WHAT THE TASK REQUIRES.
What you return must match the listing exactly, with every image removed.

DATA EXTRACT.
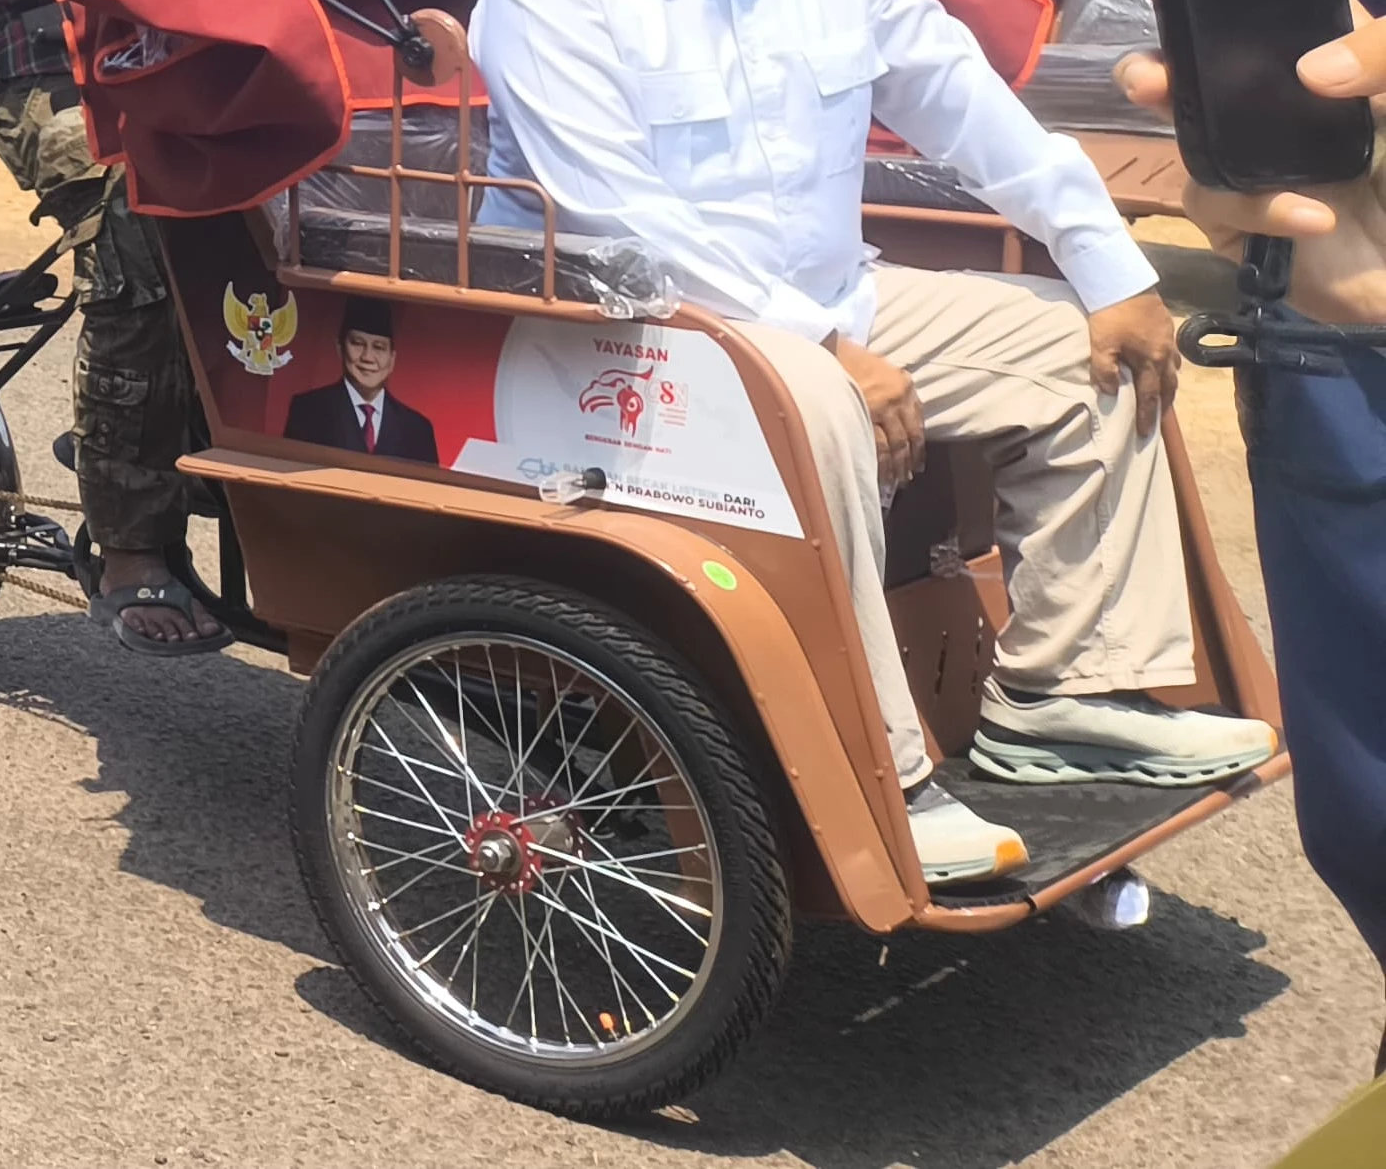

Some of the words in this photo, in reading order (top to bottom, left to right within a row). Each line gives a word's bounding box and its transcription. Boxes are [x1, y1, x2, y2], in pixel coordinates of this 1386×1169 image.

[593, 338, 668, 362] YAYASAN
[627, 485, 695, 506] PRABOWO
[698, 498, 765, 520] SUBIANTO
[723, 492, 756, 508] DARI
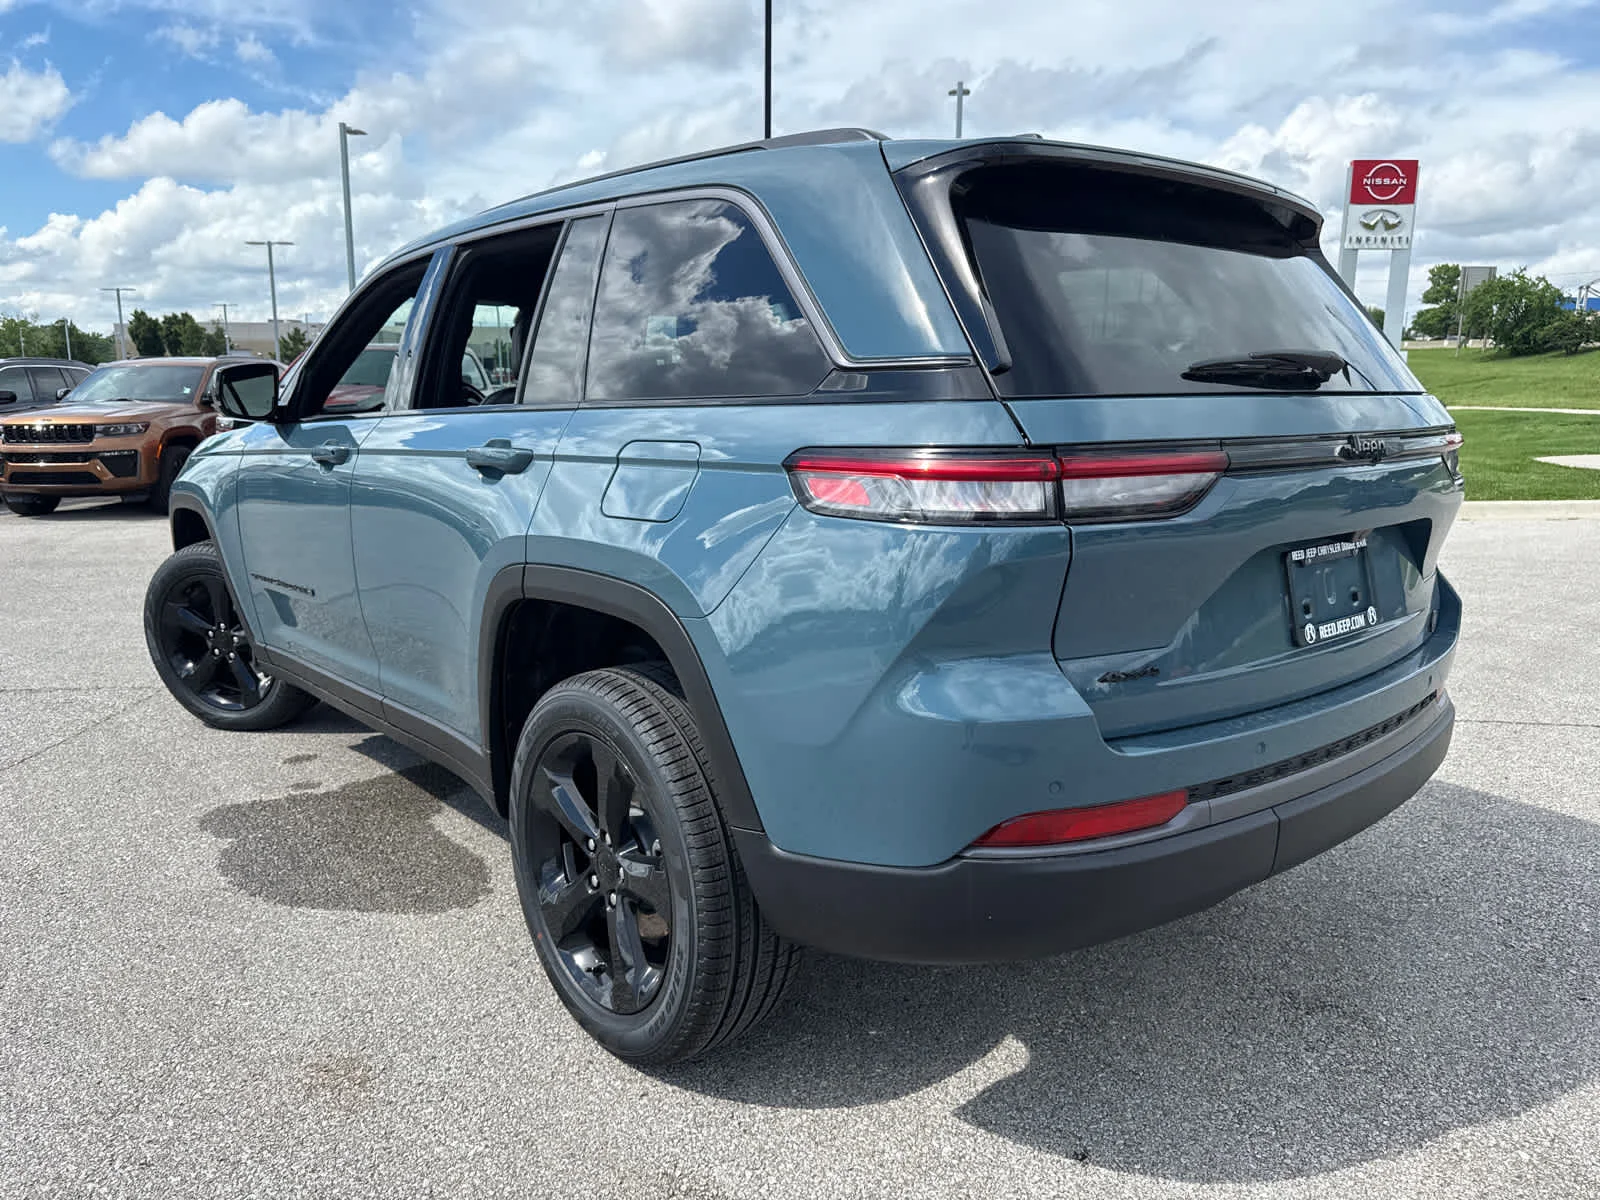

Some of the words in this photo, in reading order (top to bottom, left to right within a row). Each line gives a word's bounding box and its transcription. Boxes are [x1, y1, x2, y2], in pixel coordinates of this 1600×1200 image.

[1349, 236, 1409, 244] INFINITI
[1291, 550, 1305, 561] REED
[1306, 548, 1317, 558] JEEP
[1317, 543, 1341, 556] CHRYSLER
[1319, 615, 1365, 639] REEDJEEP.COM

COMPLETED EXERCISE.
Some of the words in this photo, in reading order (top to bottom, left to right within a row). Each line gives a word's bounding box and its transcription. Boxes are [x1, y1, x2, y2], in pixel coordinates of this 1386×1169 image.

[593, 338, 668, 362] YAYASAN
[627, 485, 695, 506] PRABOWO
[698, 498, 765, 520] SUBIANTO
[723, 492, 756, 508] DARI

Some of the words in this photo, in reading order (top to bottom, left to right within a row). Each line gives a word's bounding box and its transcription. Boxes are [x1, y1, x2, y2], in pixel coordinates of this 1600×1200 image.

[1349, 236, 1409, 244] INFINITI
[1291, 550, 1305, 561] REED
[1306, 548, 1317, 558] JEEP
[1317, 543, 1341, 556] CHRYSLER
[1319, 615, 1365, 639] REEDJEEP.COM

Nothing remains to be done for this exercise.